Emily Emily - 3 months ago 14
Python Question

Find all items in a list that match a specific format

I am trying to find everything in a list that has an format like "######-##"

I thought I had the right idea in my following code, but it isn't printing anything. Some values in my list have that format, and I would think it should print it.
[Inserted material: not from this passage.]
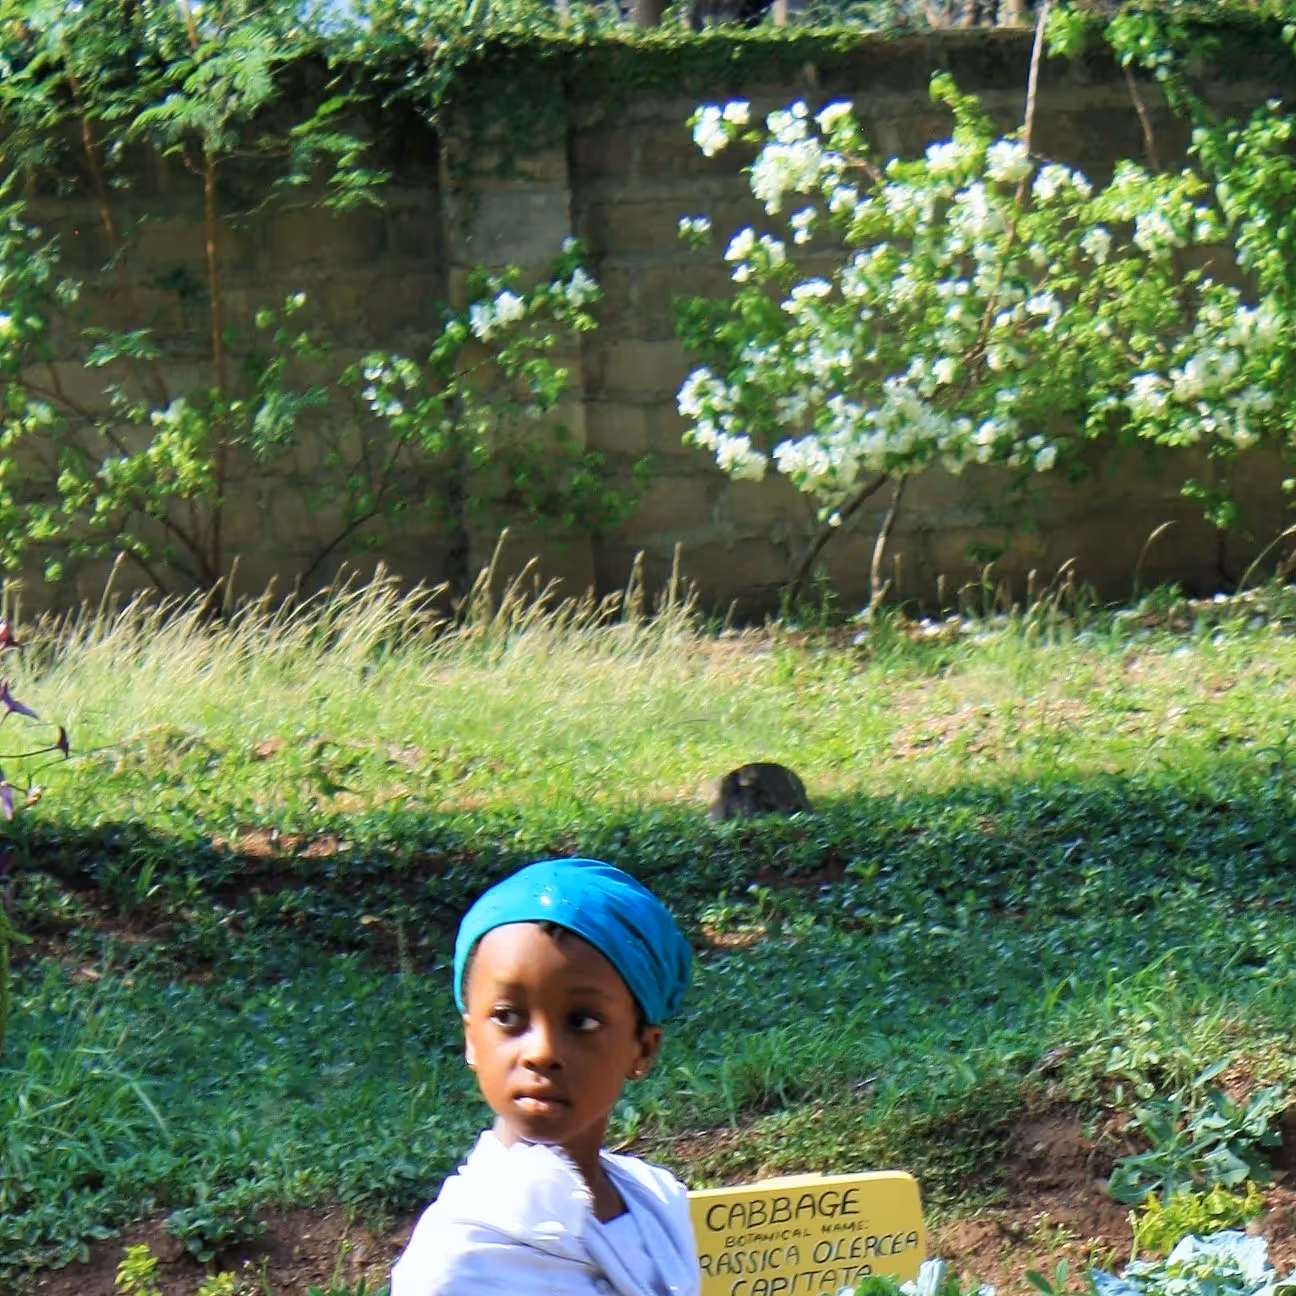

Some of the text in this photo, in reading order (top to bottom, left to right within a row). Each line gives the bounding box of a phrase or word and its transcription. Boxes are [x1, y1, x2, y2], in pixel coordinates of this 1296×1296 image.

[705, 1188, 860, 1233] CABBAGE
[724, 1228, 812, 1249] BOTANICAL
[698, 1245, 800, 1278] RASSICA
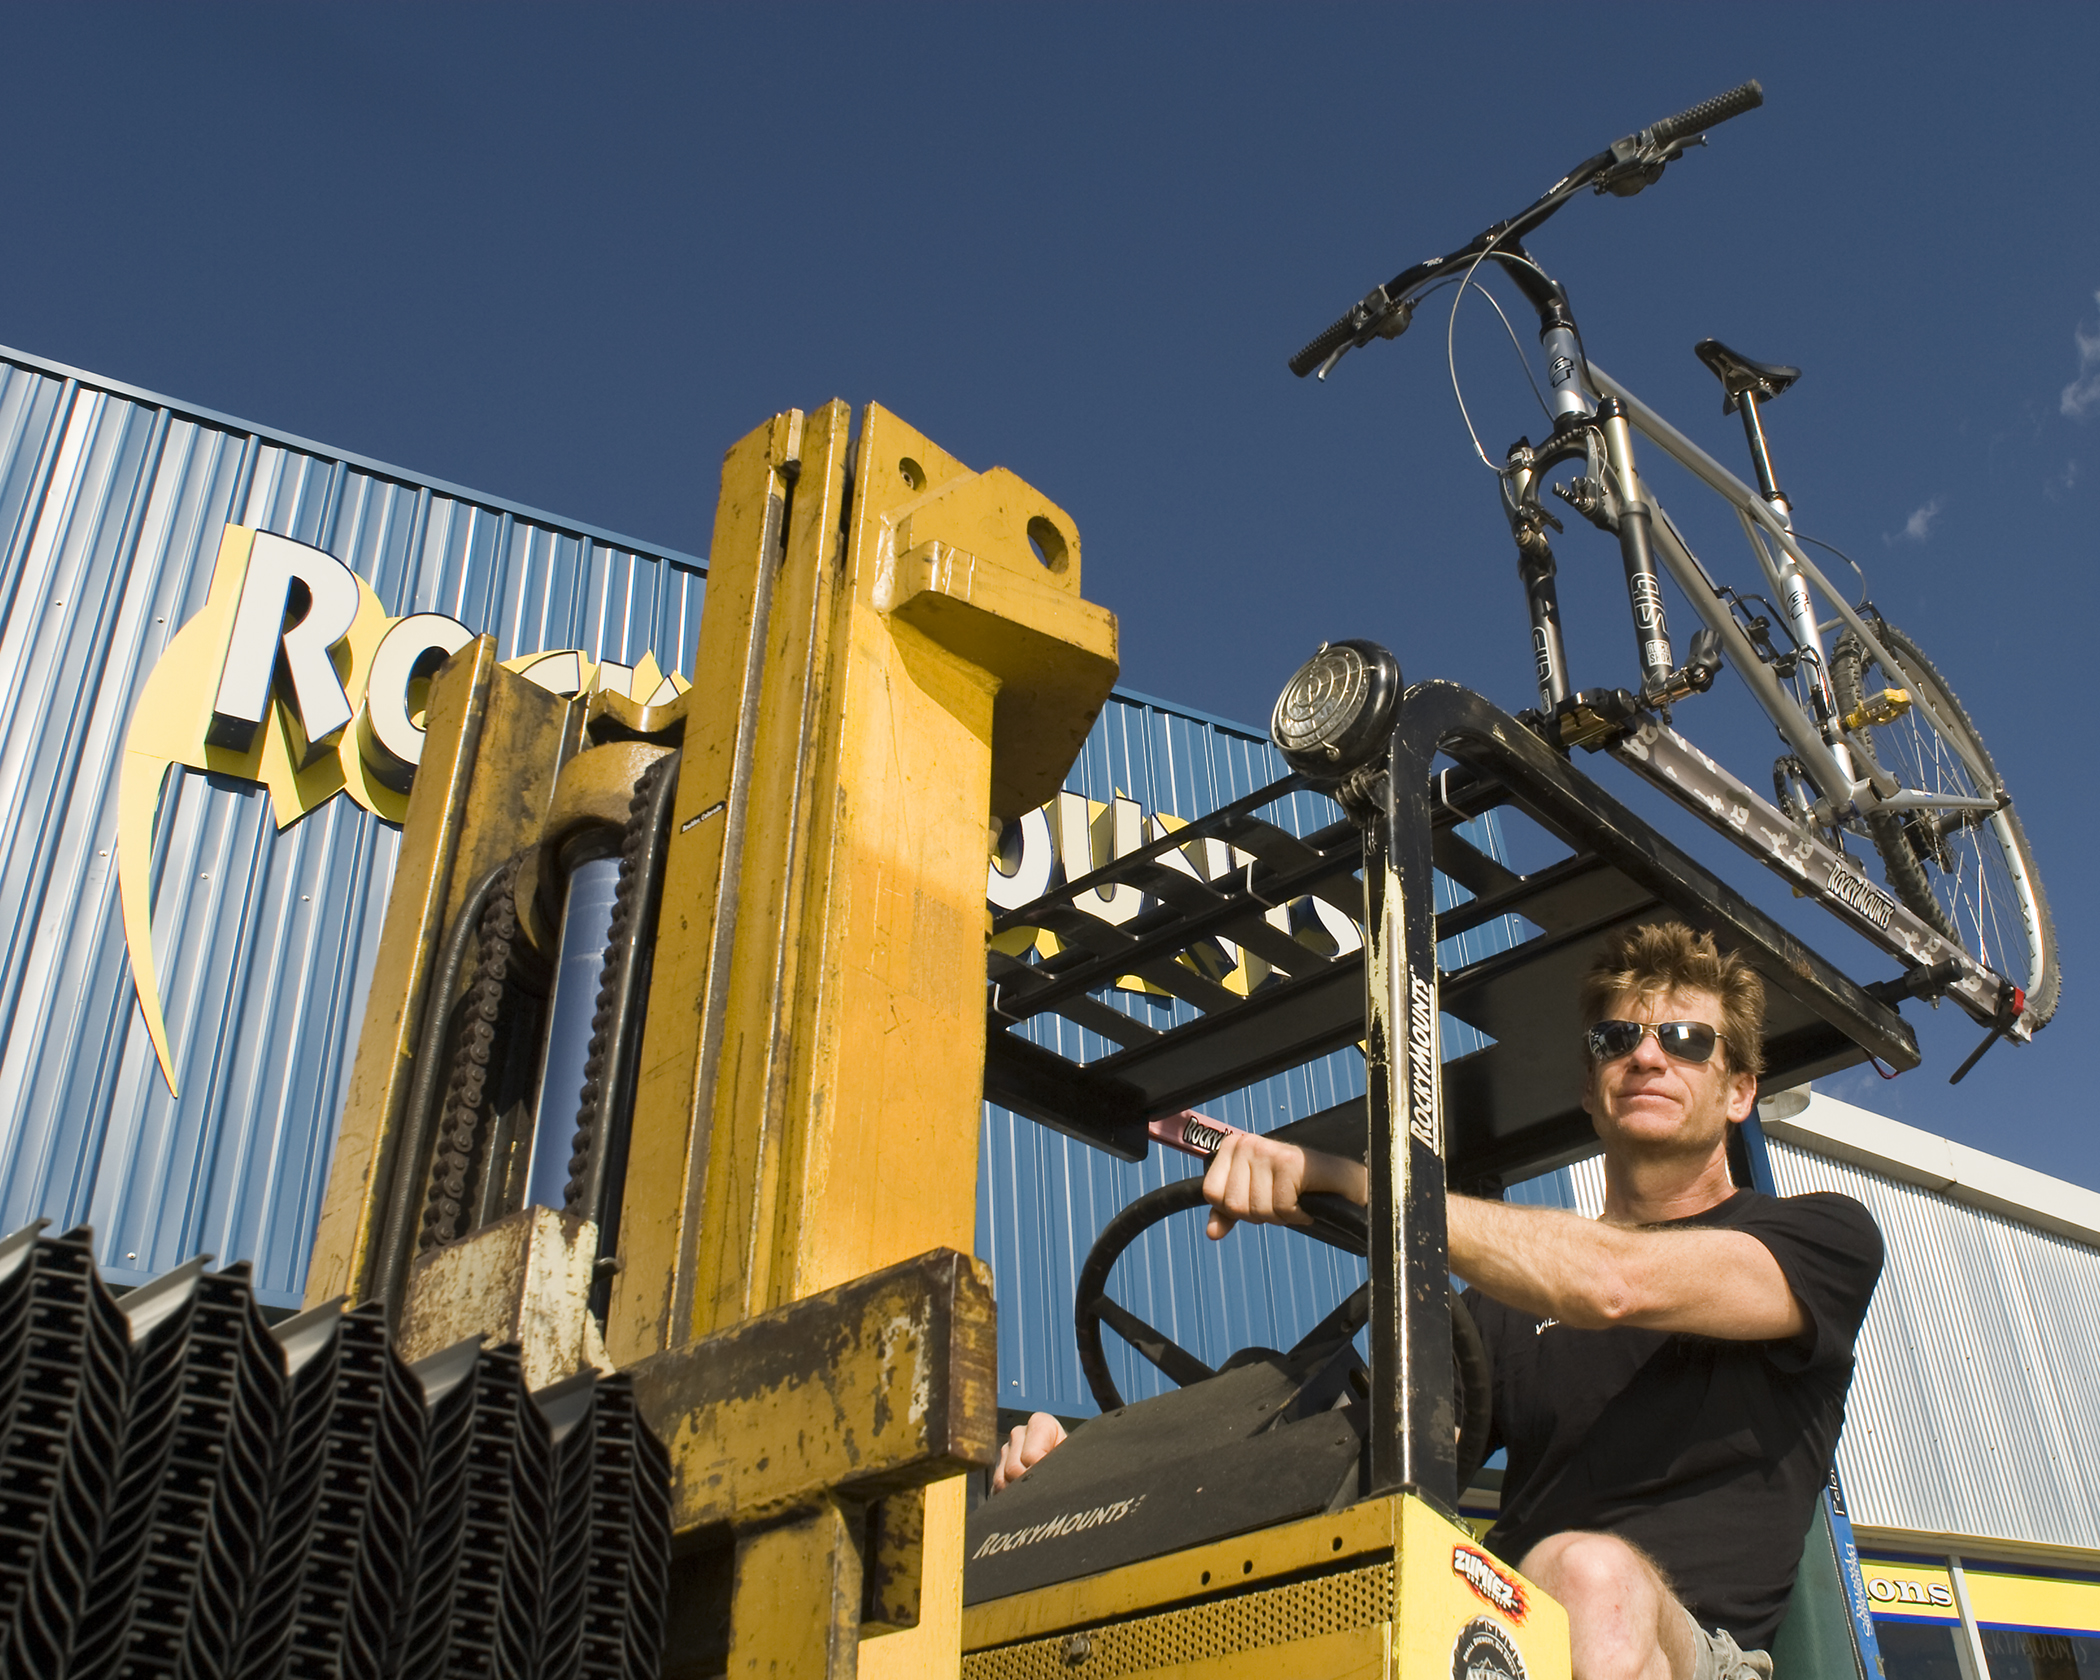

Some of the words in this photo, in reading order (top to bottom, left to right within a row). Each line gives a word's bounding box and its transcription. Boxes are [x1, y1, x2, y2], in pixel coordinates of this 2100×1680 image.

Could you tell me what's wrong?

for line in list_nums:
if (line[-1:].isdigit()):
if (line[-2:-1].isdigit()):
if (line[-6:-5].isdigit()):
if ("-" in line[-3:-2]):
print(list_nums)


The values in my list consist of formats like 123456-56 and 123456-98-98, which is why what I did above.

Answer

If you need to only match the pattern ######-## (where # is a digit):

>>> from re import compile, match
>>> regexp = compile(r'^\d{6}-\d{2}$')
>>> print([line for line in list_nums if regexp.match(line)])
['132456-78']

Explanations

You compile the pattern into a regexp object to be more efficient when matching. The regexp is ^\d{6}-\d{2}$ where:

^  # start of the line
\d{6}-\d{2}  # 6 digits, one dot then 2 digits (we could replace \d by [0-9])
$  # end of the line

Full code

An example based on your comment:

file_location = 'file.xlsx'
workbook = xlrd.open_workbook(file_location)
sheet = workbook.sheet_by_index(0)
regexp = compile(r'^\d{6}-\d{2}$')

for row in range(sheet.nrows):
    cell = sheet.cell_value(row, 0)
    if regexp.match(cell):
        print(cell)